Lenu, in the meantime, continues with her education. An important character in this season is Nino (Francesco Serpico), also a scholar and an academic. Both young women love him, and this will remain part of their story through to Season 3 (and likely beyond; the fourth book in Elena Ferrante’s series has been greenlit for the small screen. We are promised the story of a 60-year friendship and we’re only halfway there).

With engagement rings being handed out as unceremoniously as a backhand to the cheek, Lenu – now at university in Pisa – accepts the proposal of fellow student Pietro Airota (Matteo Cecchi). It’s to be a long engagement, and in the meantime, Lenu writes a book, which has some “racy” pages. She’s praised in her intellectual circles but back home in the neighbourhood, they’re only interested in the lewd bits. To Lenu’s disappointment, Lila’s curiosity is entirely absent. She appears indifferent to this success, with which she cannot compete.
“In the second season … the girls — now young women — discover that in order to wiggle out of the narrow constraints of poor women’s lives in postwar Italy, they’re going to have to get creative,” says Rolling Stone, in a recap. “Decades later, it’s a message that resonates with any woman who has a pulse and a WiFi connection. Where does women’s anger come from? And where does it go? My Brilliant Friend shows us, step by step.”

This is explored more fully in Season 3, in the 70s, with the advent of the women’s liberation movement (alongside other political issues of the time). As a wife, we also see Lenu raising her voice, literally and figuratively. She is no longer the quiet mouse she was 10 years earlier. Mashable’s review is headlined “The sweet catharsis of watching Elena come into her own on My Brilliant Friend”.
And this is why, despite being set in another world and another time, My Brilliant Friend resonates universally. It also calls into question the nature of friendships, and the relationships we, as women, build with other women. At what point do they reveal themselves to be toxic? When do they no longer serve us?

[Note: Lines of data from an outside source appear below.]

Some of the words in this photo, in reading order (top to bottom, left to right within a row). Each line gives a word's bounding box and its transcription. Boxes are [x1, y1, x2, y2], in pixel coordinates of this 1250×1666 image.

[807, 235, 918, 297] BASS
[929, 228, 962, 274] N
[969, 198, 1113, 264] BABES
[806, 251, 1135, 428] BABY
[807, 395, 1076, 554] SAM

There are many occasions when we might think Lenu has had enough of Lila, who seems rude, demanding and arrogant (but really, just Italian) but yet, despite long gaps of time, not seeing or speaking to each other, she is always there for her. When Pietro points out the toxicity, Lenu defends Lila and turns her back on her husband, warning him to never speak of her that way again.
Season 3’s title is Those Who Leave and Those Who Stay. Lila leaves the neighbourhood for a while, but she cannot resist the pull to return, even though her father calls her a whore to her young son’s face. She goes from the well-off grocer’s wife to a worker in a sausage factory. Lenu leaves, to a certain extent, but her heart remains with someone who also grew up there, and whom she’s known since childhood. Does anyone ever truly leave their past behind?

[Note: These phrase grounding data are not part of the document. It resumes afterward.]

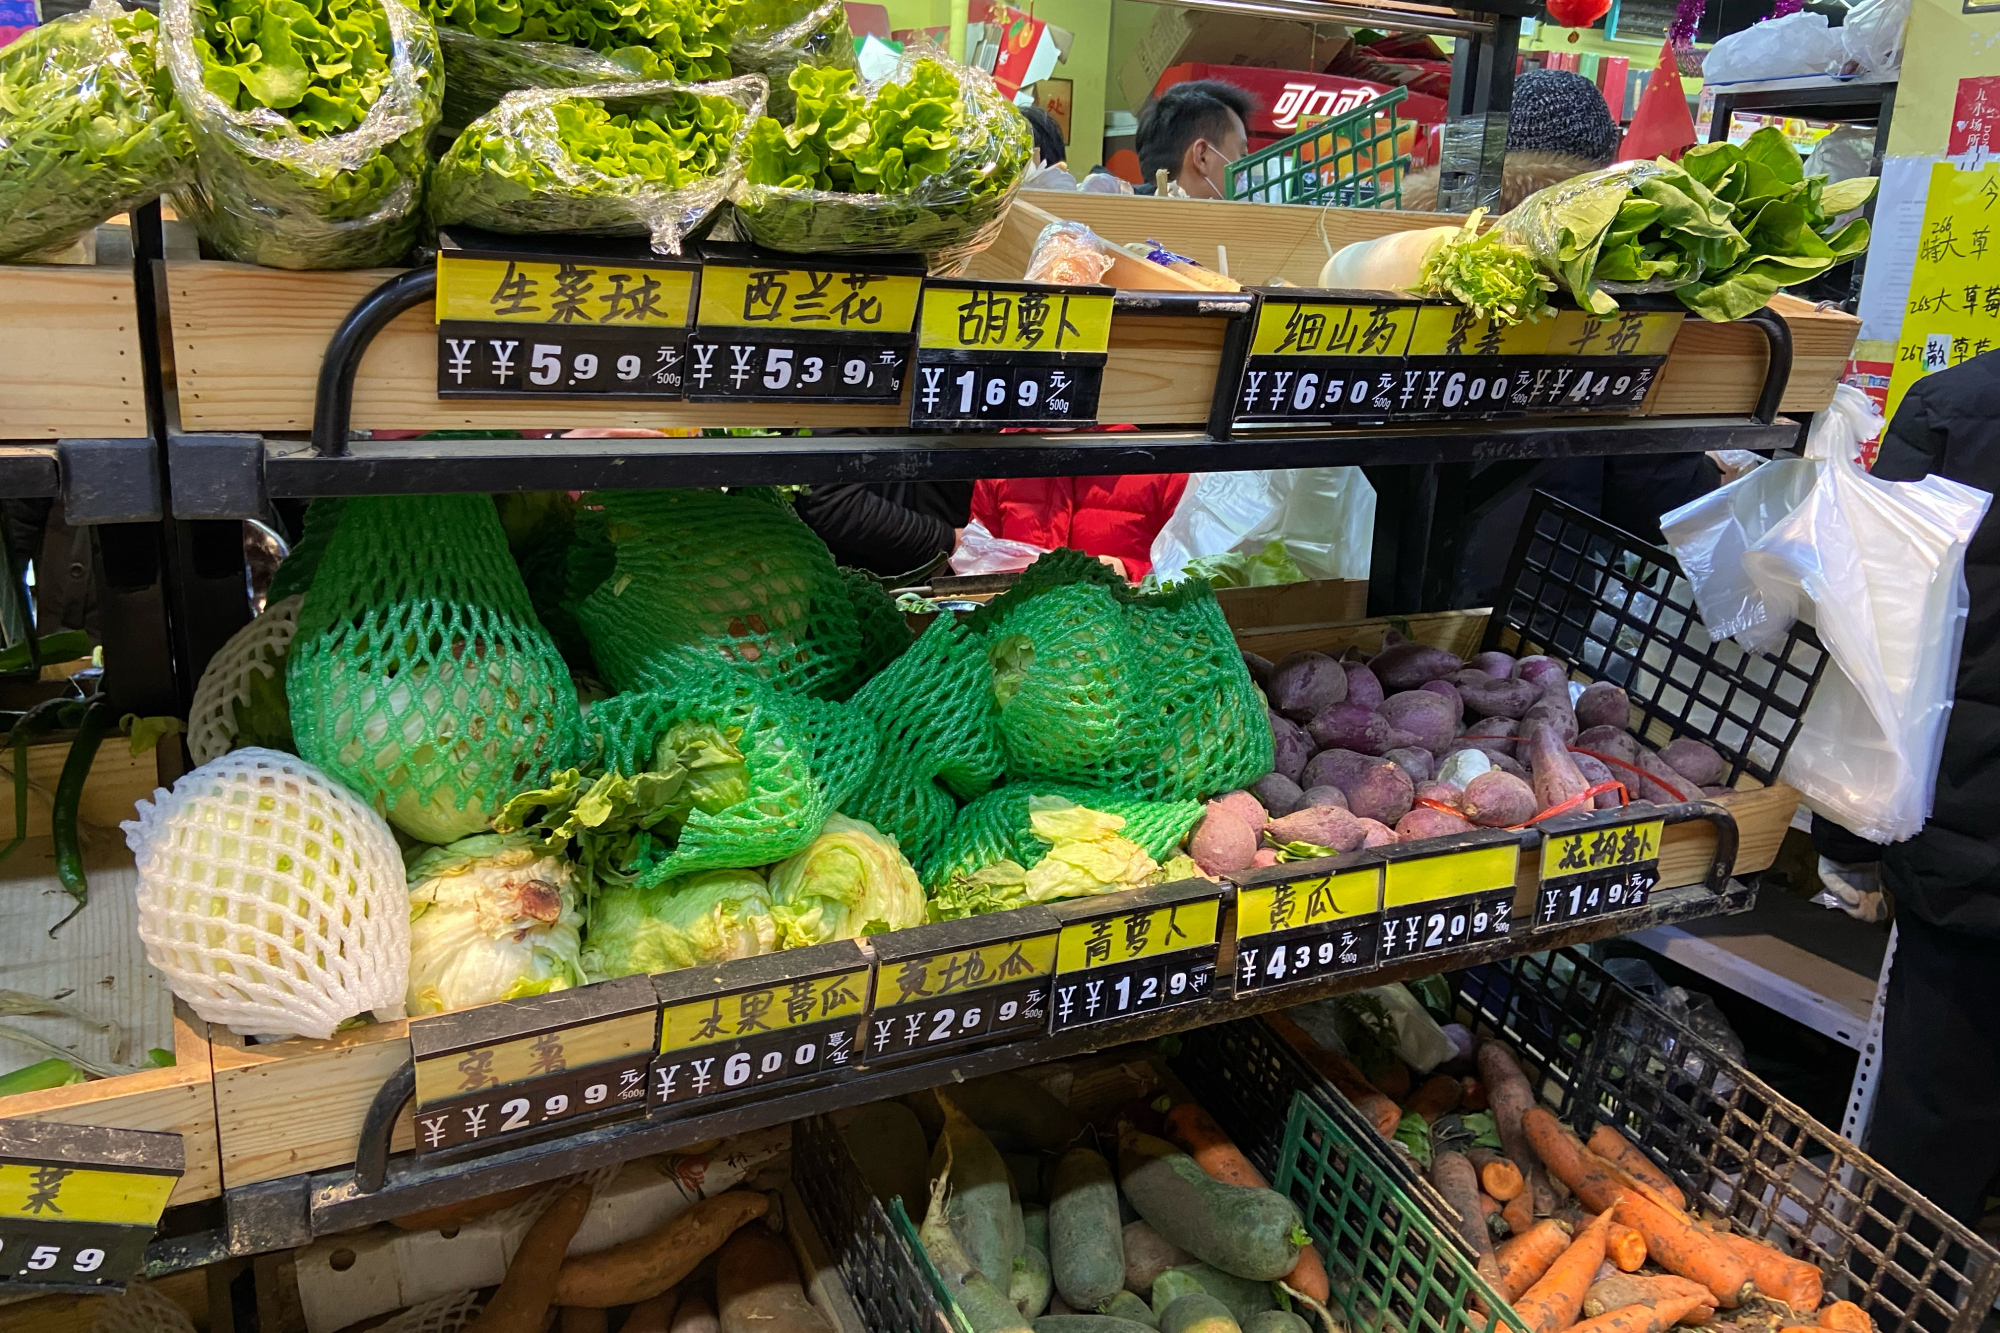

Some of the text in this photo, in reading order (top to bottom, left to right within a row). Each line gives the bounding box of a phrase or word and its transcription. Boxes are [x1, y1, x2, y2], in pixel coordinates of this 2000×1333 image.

[1932, 215, 1953, 234] 266
[743, 270, 888, 325] 西兰花
[958, 290, 1081, 350] 胡萝卜
[1274, 303, 1400, 355] 细山药
[1269, 877, 1343, 931] 黄瓜
[1084, 905, 1187, 968] 青萝卜
[689, 976, 860, 1041] 水果黄瓜
[0, 1238, 106, 1275] .59

The Guardian says: “An impeccably stylish adaptation of Elena Ferrante’s novels is seductive, cinematic and weaves a spell unlike anything else.”

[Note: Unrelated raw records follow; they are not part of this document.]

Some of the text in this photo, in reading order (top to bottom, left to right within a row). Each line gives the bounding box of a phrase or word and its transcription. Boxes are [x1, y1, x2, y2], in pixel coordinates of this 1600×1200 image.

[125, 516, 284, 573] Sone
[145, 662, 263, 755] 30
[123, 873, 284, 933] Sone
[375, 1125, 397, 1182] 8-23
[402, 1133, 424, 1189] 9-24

Writer Rebecca Nicholson concludes in her review, “This is television at its best and it weaves a spell unlike anything I have seen in a very long time. It demands concentration but rewards it generously. For those who have yet to experience the pleasure of My Brilliant Friend, I would suggest not jumping in here, as both personal and political histories weigh heavily on the characters and their relationships. Go back to the beginning, and take it all in.”